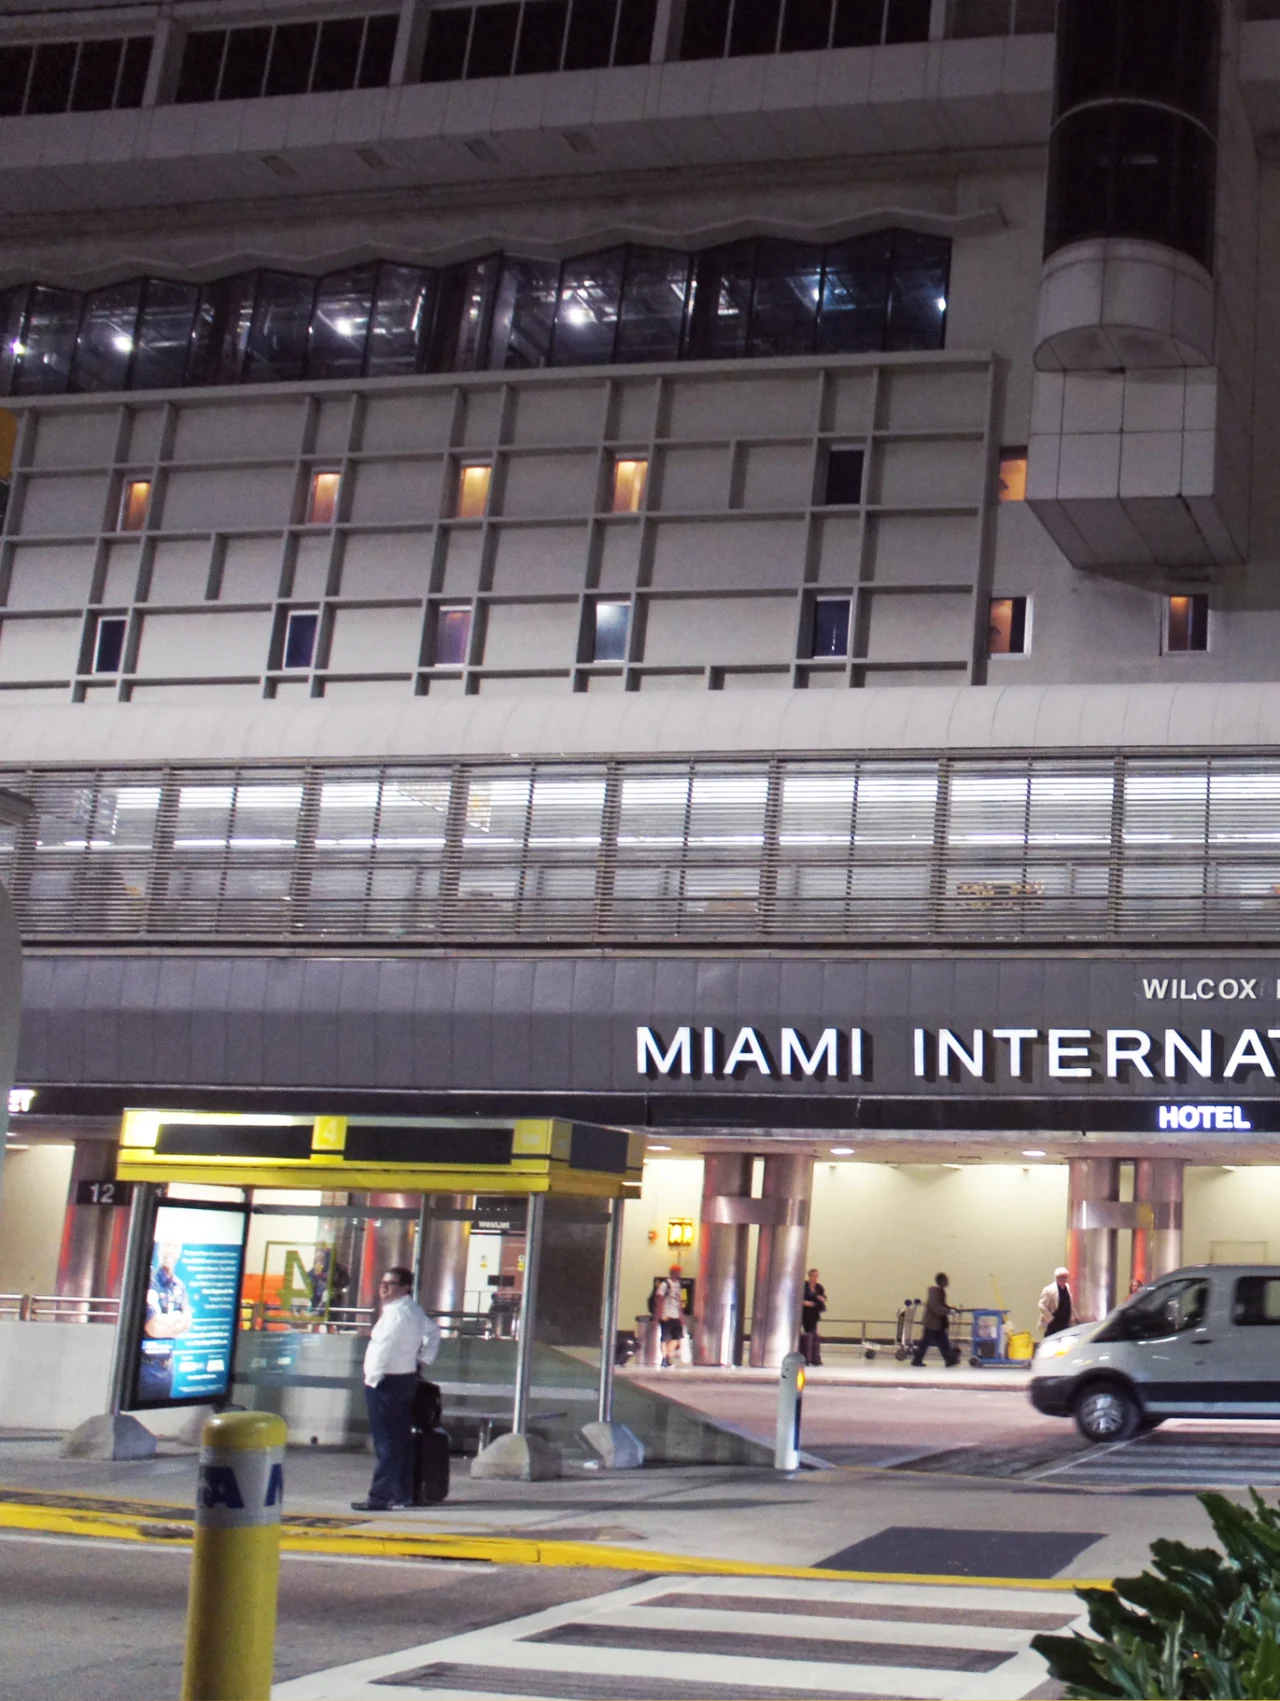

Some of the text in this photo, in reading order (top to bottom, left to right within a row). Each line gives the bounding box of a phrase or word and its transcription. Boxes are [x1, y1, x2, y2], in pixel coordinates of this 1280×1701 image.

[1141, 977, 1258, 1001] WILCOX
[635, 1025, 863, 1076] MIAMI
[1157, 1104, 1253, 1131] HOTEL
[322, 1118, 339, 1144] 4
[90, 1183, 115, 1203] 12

* * *

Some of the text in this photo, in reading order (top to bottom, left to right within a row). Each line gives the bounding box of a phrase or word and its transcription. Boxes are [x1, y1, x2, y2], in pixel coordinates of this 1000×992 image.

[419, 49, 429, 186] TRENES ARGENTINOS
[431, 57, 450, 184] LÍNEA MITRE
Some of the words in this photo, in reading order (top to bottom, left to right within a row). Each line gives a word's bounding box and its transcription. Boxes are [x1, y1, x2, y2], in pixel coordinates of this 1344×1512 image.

* * *

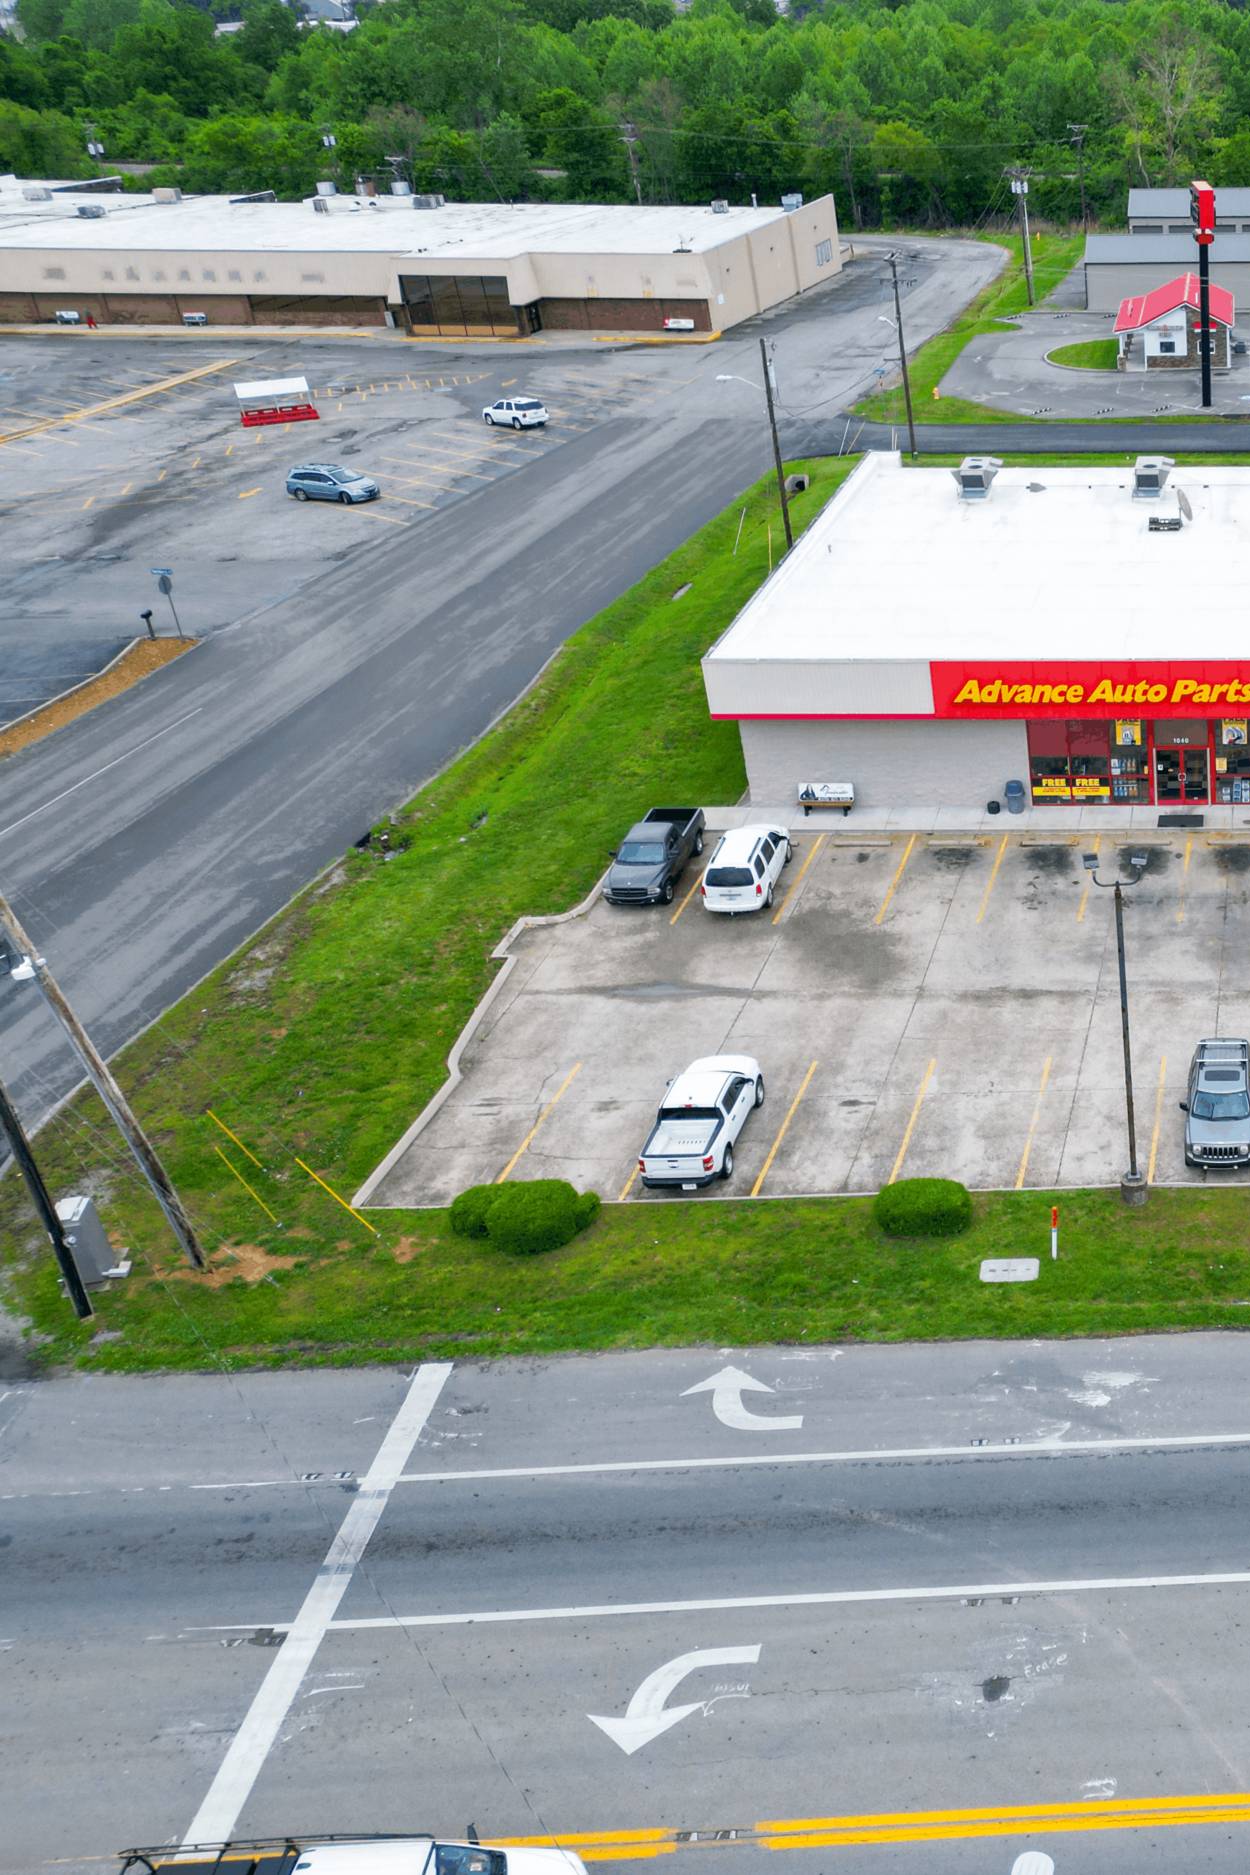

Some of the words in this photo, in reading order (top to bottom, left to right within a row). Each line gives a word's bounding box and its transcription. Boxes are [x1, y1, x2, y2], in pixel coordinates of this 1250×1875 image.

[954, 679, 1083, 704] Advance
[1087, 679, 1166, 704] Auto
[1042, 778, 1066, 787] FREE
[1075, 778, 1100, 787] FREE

WHAT IS REQUIRED: Scan the records above for the lines holding "this 1000×992 image." and "this 1344×1512 image.". Transcribe those two and every line between them word for word, and no others.

YOUR RESPONSE:
Some of the text in this photo, in reading order (top to bottom, left to right within a row). Each line gives the bounding box of a phrase or word and its transcription. Boxes are [x1, y1, x2, y2], in pixel coordinates of this 1000×992 image.

[419, 49, 429, 186] TRENES ARGENTINOS
[431, 57, 450, 184] LÍNEA MITRE
Some of the words in this photo, in reading order (top to bottom, left to right within a row). Each line gives a word's bounding box and its transcription. Boxes are [x1, y1, x2, y2], in pixel coordinates of this 1344×1512 image.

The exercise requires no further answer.